I hadn’t talked to Lucy since Carly’s funeral. At one time, she and Carly and I had been inseparable, a trio of girlfriends in a social group made up mostly of guys. We banded together, confiding and gossiping about boys, but those days were so remote to me now, it was as if the memories weren’t even mine. I felt like my life had started anew the moment I heard that Carly was dead.
I showed up at Lucy’s house at around four o’clock, knowing that her parents wouldn’t be home from work yet. Her dad was a pediatrician at the hospital, and her mom was a lawyer at a prestigious firm in Palo Alto.
Lucy was surprised to see me. She glared at me like I was an intruder, a stranger whose very presence on her doorstep was grounds for suspicion.
“Hi, Lucy,” I said softly, knowing that submission was the only way to ingratiate myself. What Lucy wanted—what she had always wanted—was power and influence over others, though she was neither charismatic enough nor strong enough to demand it. She had always taken a backseat to Carly and me when we were friends, and I knew that asserting myself was the quickest way to shut her off. I needed to earn her trust or her curiosity. Either would do.
“What are you doing here?” she asked, fixing me with a cold stare.
“I wanted to talk.”
She folded her arms across her chest. “About?”
“Can I come in?”
“No.” But she was wavering. Gossip was her one true love.
“Come on, Luce,” I pleaded. “It’s about Carly.”
She looked stricken. If I had ever wondered if Lucy actually missed Carly, I knew the answer now. She never would’ve reacted like that if she didn’t. “No way,” she said sharply.
“I’m not leaving until you agree to talk.” I made a big show of sitting down on her stoop and taking out a copy of In Style. “Don’t worry, I brought a magazine.”
Lucy checked her watch, then spent a few moments trying to figure out if I was serious. “Okay. But I don’t have a lot of time. I’m meeting someone later.”
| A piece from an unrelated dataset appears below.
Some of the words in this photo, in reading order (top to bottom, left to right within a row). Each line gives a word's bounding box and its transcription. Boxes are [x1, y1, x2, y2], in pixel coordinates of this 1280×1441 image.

“It won’t take very long,” I promised, stepping inside the cool, dark foyer. “Is there somewhere private we can talk?”
Lucy led me out onto the patio and gestured to a pair of lounge chairs. Four feet away, the Millers’ infinity pool glistened, the
water lapping over the side and plunging, so it seemed, into the valley below.
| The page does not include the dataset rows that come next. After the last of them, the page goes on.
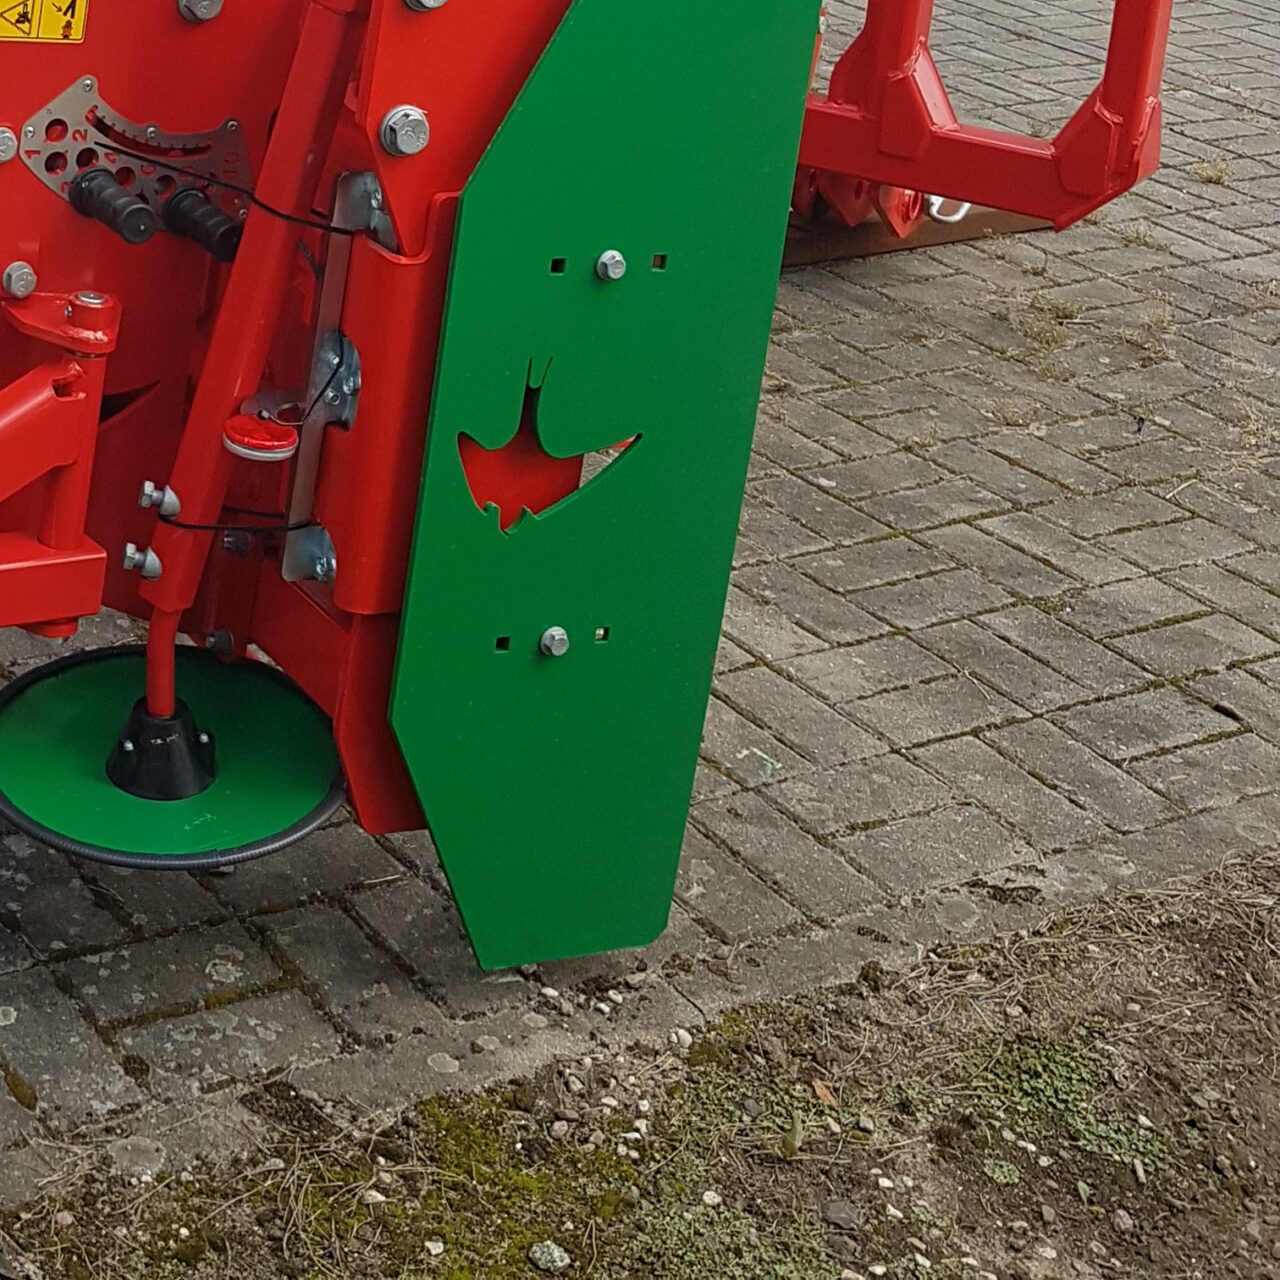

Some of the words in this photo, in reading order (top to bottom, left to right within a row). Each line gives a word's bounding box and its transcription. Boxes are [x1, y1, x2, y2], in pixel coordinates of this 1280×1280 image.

[72, 128, 88, 143] 2
[24, 149, 41, 159] 1
[104, 151, 118, 164] 4
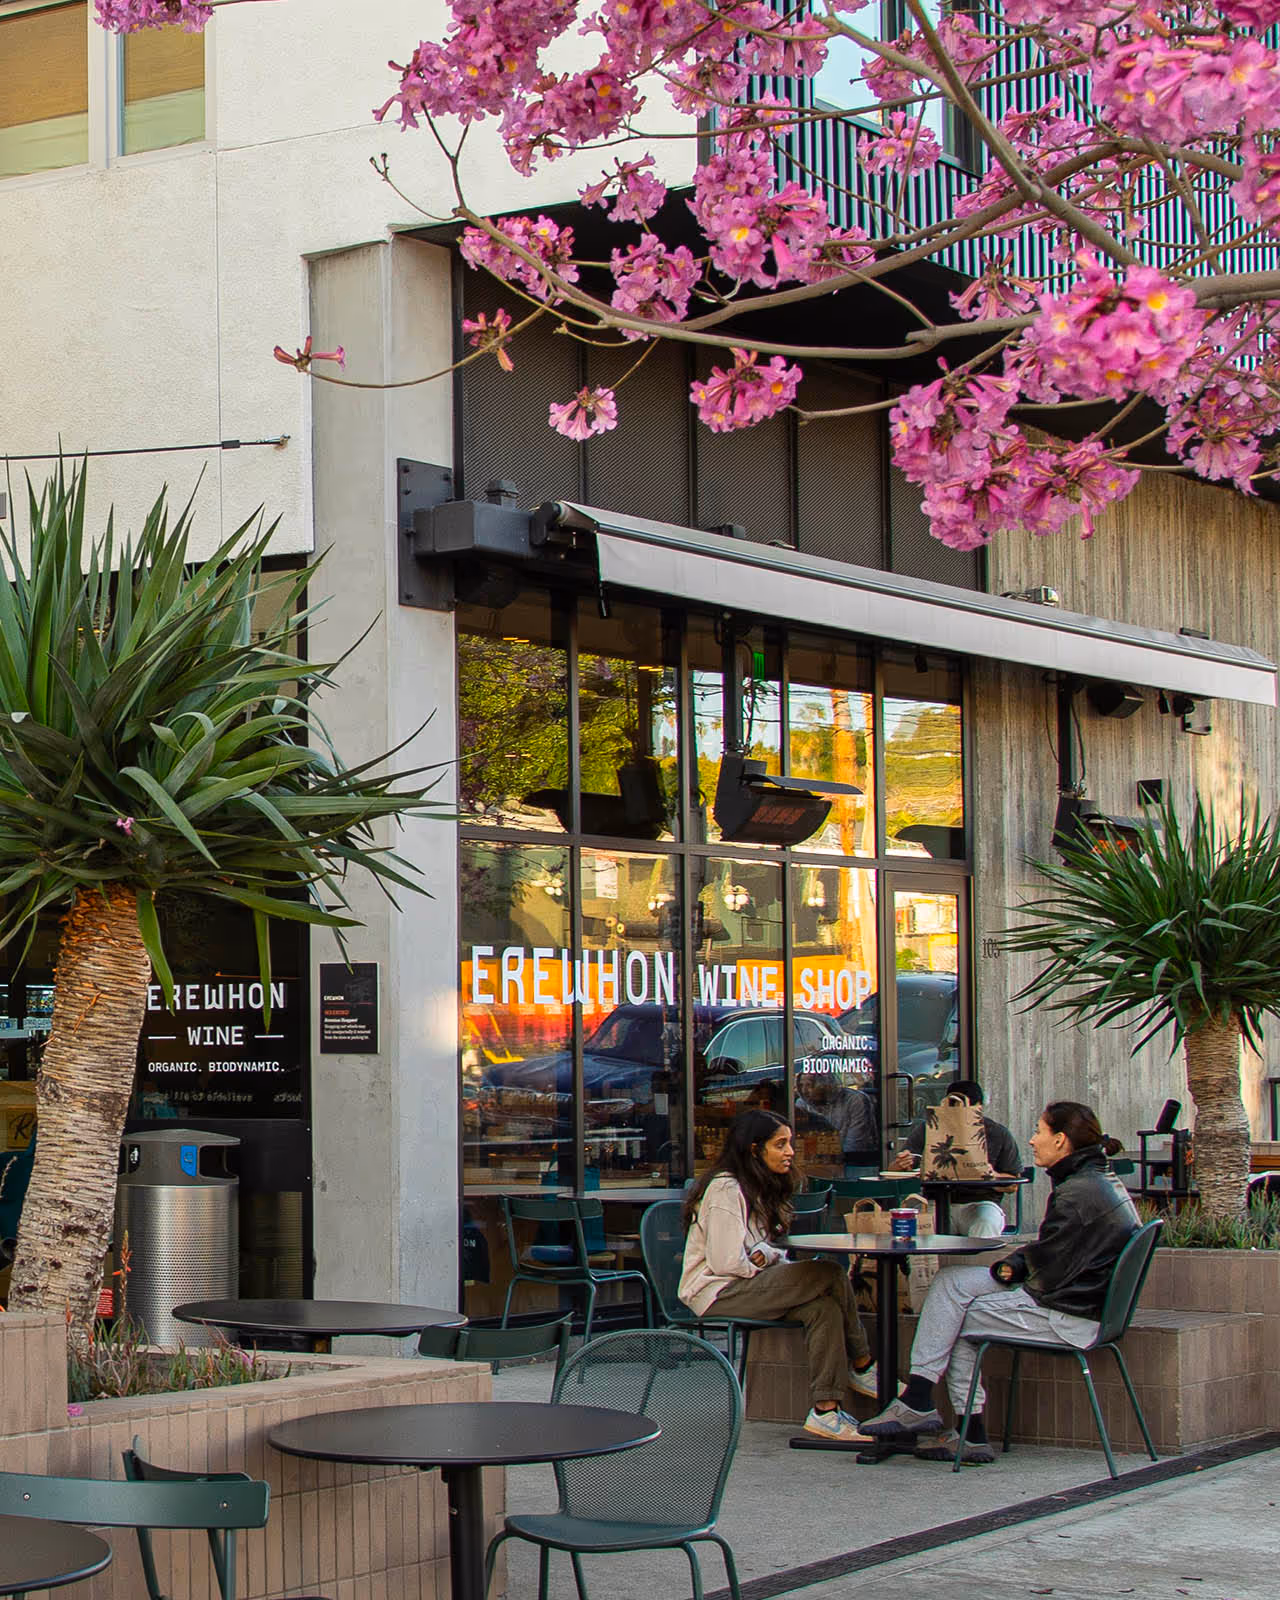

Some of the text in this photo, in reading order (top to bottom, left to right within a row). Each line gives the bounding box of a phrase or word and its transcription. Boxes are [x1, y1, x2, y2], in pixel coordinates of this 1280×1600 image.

[472, 945, 872, 1010] EREWHON WINE SHOP
[147, 982, 285, 1011] EREWHON
[187, 1026, 244, 1046] WINE
[822, 1035, 872, 1050] ORGANIC.
[148, 1061, 285, 1073] ORGANIC. BIODYNAMIC.
“Sit,” she commanded, taking the chair opposite and stretching out. She was trying to affect some semblance of calm, a cool remoteness she had picked up from Carly. At first Lucy had resented Carly; she had been close friends with Adam for ages and was jealous of his intense interest in a girl who just five minutes before had been one of those bookish weirdos who were too smart for regular classes. But Lucy eventually came to adore Carly. She looked up to her like an older sister even though we were all the same age. Lucy was a cute girl, petite with dark curly hair, a pert nose, and stormy gray eyes; she was always with some guy or another, but she had a hard time getting any of them to fall in love with her. Carly, on the other hand, had had every one of Adam’s goons—and Adam, too—wrapped around her finger. She did it by acting distant, which never failed to get the attention she was looking for. Lucy had learned by watching, and was doing a pretty good job of imitating Carly’s method, but that’s all it was, artificial posing.
“Tell me.”
“Do you remember Cass’s School’s Out for Summer party?”
“Which one?”
“Sophomore year.”
“I’m gonna need a little bit more.”
I tried to dig up some other notable events from that night. “I think that was the night Stephanie Cohen threw up all over your new shoes.”
“The black Balenciaga peep toes?” Lucy asked.
“Uh-huh.”
“Yeah, I remember,” she sighed. “God, I loved those shoes. Stephanie owes me five hundred dollars. I’m pretty sure that’s why she moved.”
“Yes, I’m sure that’s why.” Not because, you know, her dad got transferred or anything, I thought. “Did you see Carly at all that night?”